==== Data to examine
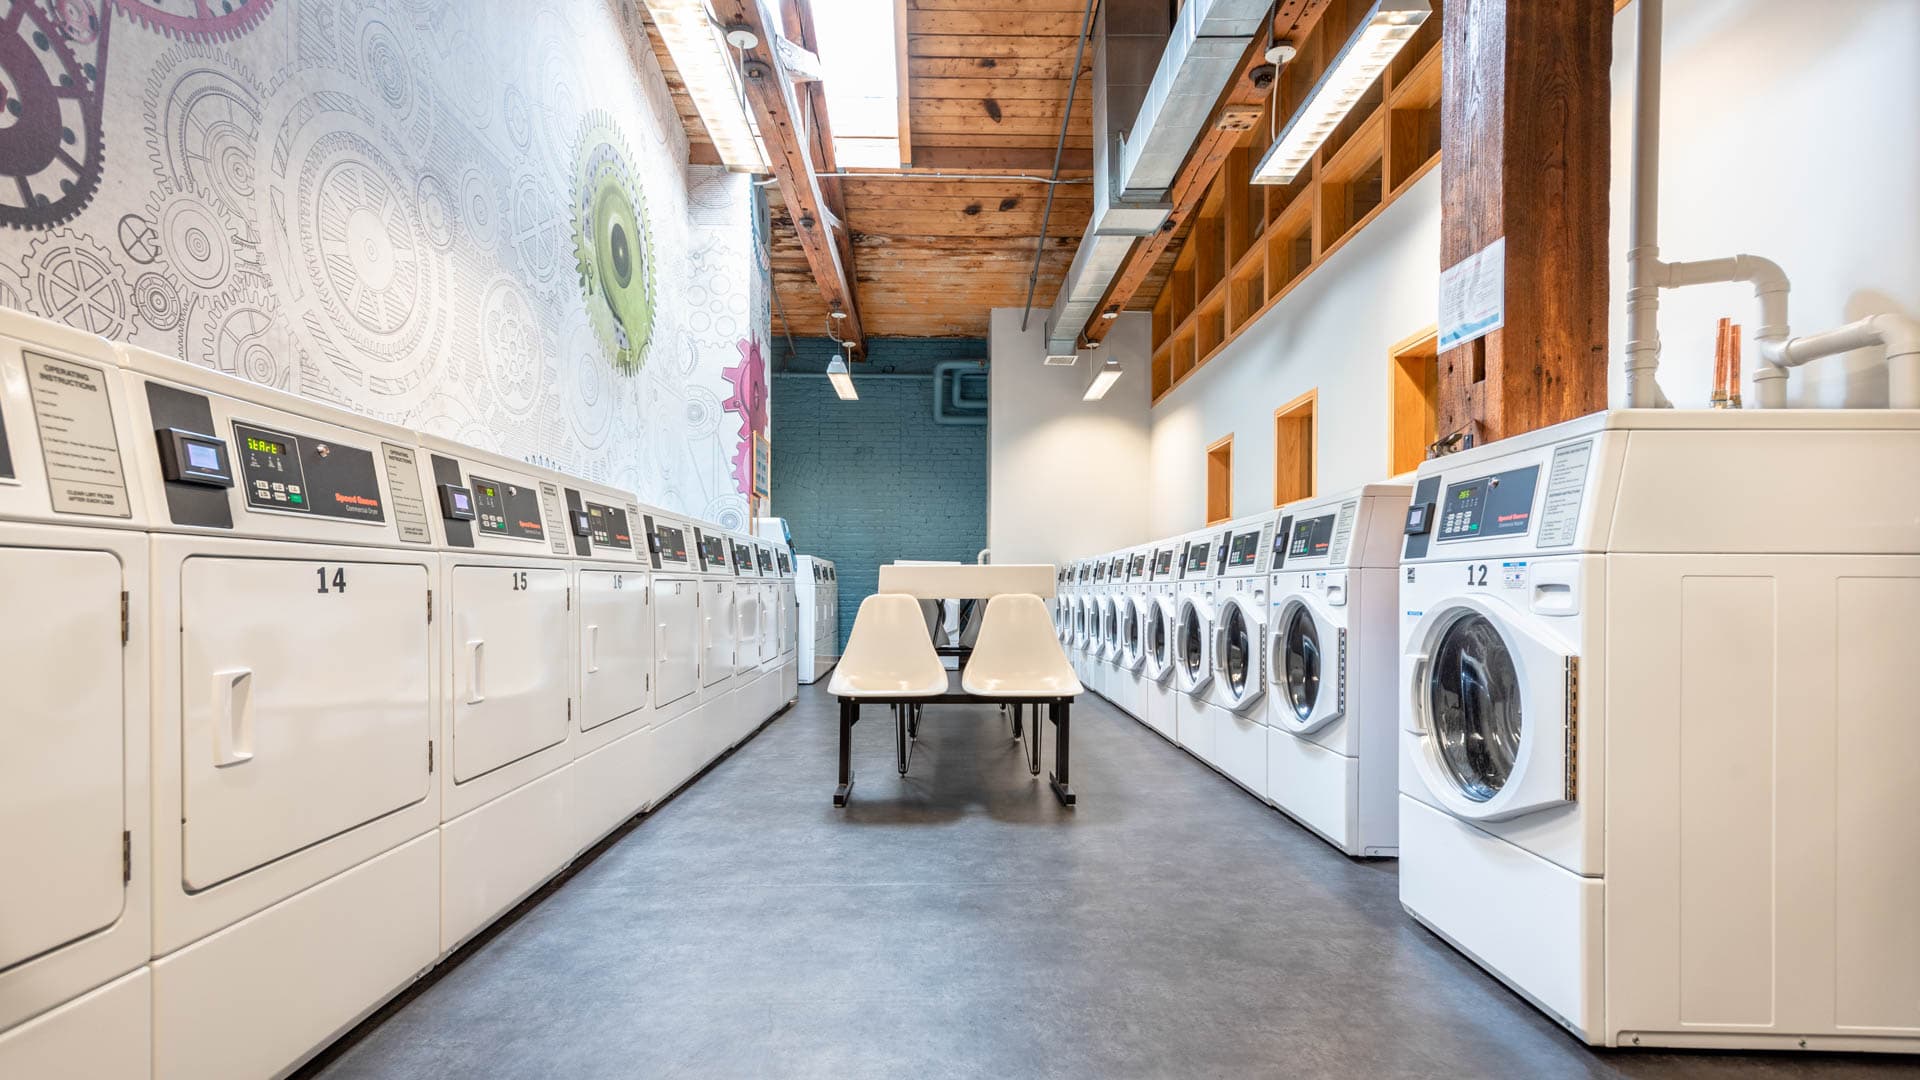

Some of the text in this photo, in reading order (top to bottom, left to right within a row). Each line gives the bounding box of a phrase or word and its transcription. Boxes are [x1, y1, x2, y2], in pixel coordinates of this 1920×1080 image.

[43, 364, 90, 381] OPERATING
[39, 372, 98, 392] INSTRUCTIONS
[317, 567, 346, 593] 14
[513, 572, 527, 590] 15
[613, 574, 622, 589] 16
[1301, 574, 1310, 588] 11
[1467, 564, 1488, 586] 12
========
All that is needed is the data above, repeated exactly, without the pictures.

Some of the text in this photo, in reading order (top to bottom, left to right within a row). Each line gives the bounding box of a phrase or word and its transcription. Boxes are [x1, y1, x2, y2], in pixel coordinates of this 1920×1080 image.

[43, 364, 90, 381] OPERATING
[39, 372, 98, 392] INSTRUCTIONS
[317, 567, 346, 593] 14
[513, 572, 527, 590] 15
[613, 574, 622, 589] 16
[1301, 574, 1310, 588] 11
[1467, 564, 1488, 586] 12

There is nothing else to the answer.